ANTIGONISH, N.S. —
St. Francis Xavier University’s senate paved the way Thursday for an on-campus fall semester.
“That senate endorses a mixed delivery model for the 2020-21 academic year,” reads a motion from interim university president Kevin Wamsley that was carried by the senate.
“St. F.X. courses will occur in virtual, face-to-face/on-campus, or blended format, using either synchronous or asynchronous delivery, subject to provincial health and safety regulations.”
The motions carried by the senate would see classes resume Sept. 14 and continue through a fall study break. The requirement that 40 per cent of grades be determined by supervised exams will be eliminated for the 2020/21 school year.
As well they make it a “major offense” to violate the school’s pandemic preparedness plan or any local, provincial or federal legislation related to Covid-19.
The senate’s motions are subject to approval by the university’s board of governors. A spokesperson for the school’s administration predicted a formal announcement of the school’s plans for September will come Friday.
“The province was clear that the universities have autonomy over this decision so the municipalities that have universities will have to deal with their decisions,” said Antigonish Mayor Laurie Boucher on Thursday.
“Whatever they decide,it will have a humongous effect on the Town of Antigonish and our sister municipality the county. If the students don’t come back the economy will feel a difference. We already felt it when St. F.X. didn’t have a graduation. If they decide to come back and have face-to-face classes we run the risk of maybe bringing Covid-19 into the community.”

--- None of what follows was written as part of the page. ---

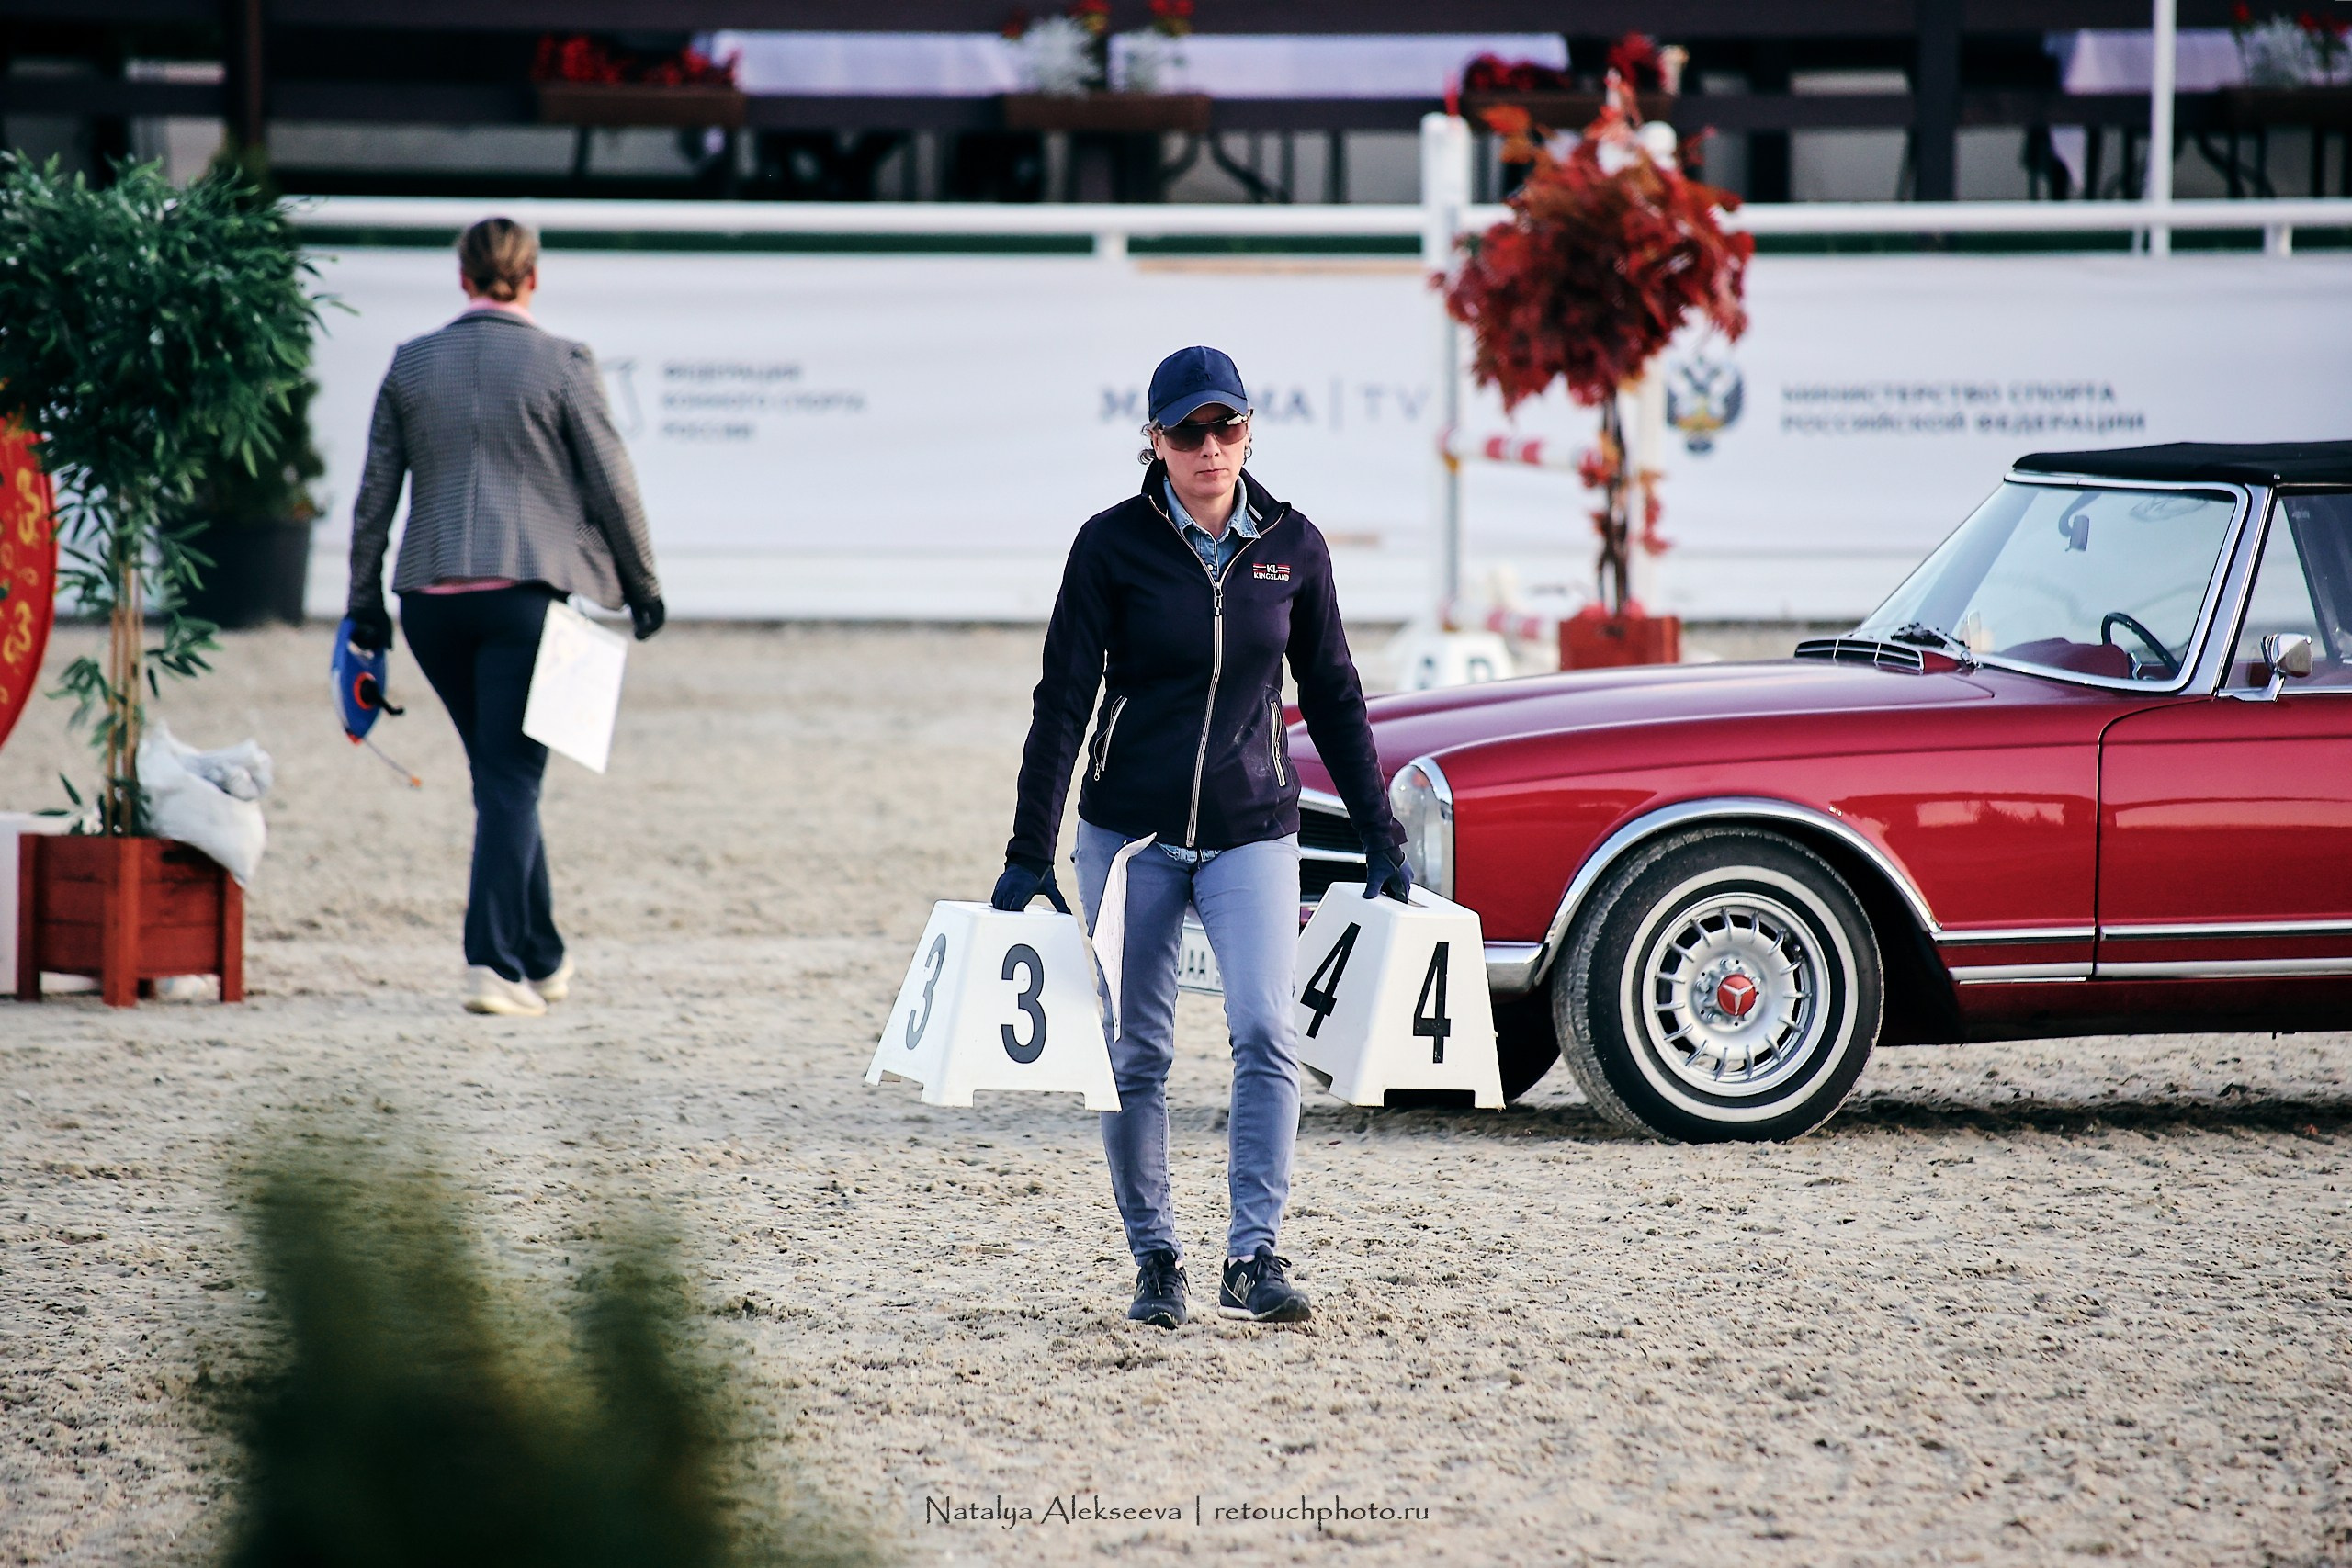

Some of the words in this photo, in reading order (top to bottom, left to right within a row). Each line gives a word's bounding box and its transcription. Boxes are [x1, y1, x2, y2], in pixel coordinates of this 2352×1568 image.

With an enrollment of 3,816 full time students in a town of about 4,300 residents, in deciding on its fall semester St. F.X. is not just making a decision for itself but also for a community with three nursing homes, a regional hospital and an aging population.
Boucher said her council was consulted by the university as it worked toward a decision for the fall semester.
She also called the potential threat to the health of the town's residents who have compromised immune systems of having thousands of young students return a "major concern."
In the 2018/19 school year 37 per cent of St.F.X.'s students came from outside Atlantic Canada.
Dalhousie, Saint Mary’s and Cape Breton universities have all announced that they won’t be hosting on campus undergraduate courses this fall – choosing instead to offer programs online. Dal will host students for medicine, dentistry and veterinarian technology programs where industry accreditation is reliant upon on-campus instruction.
Acadia University, meanwhile, has announced it will host students in the fall for a hybrid of in-person and online instruction that will begin Sept. 21.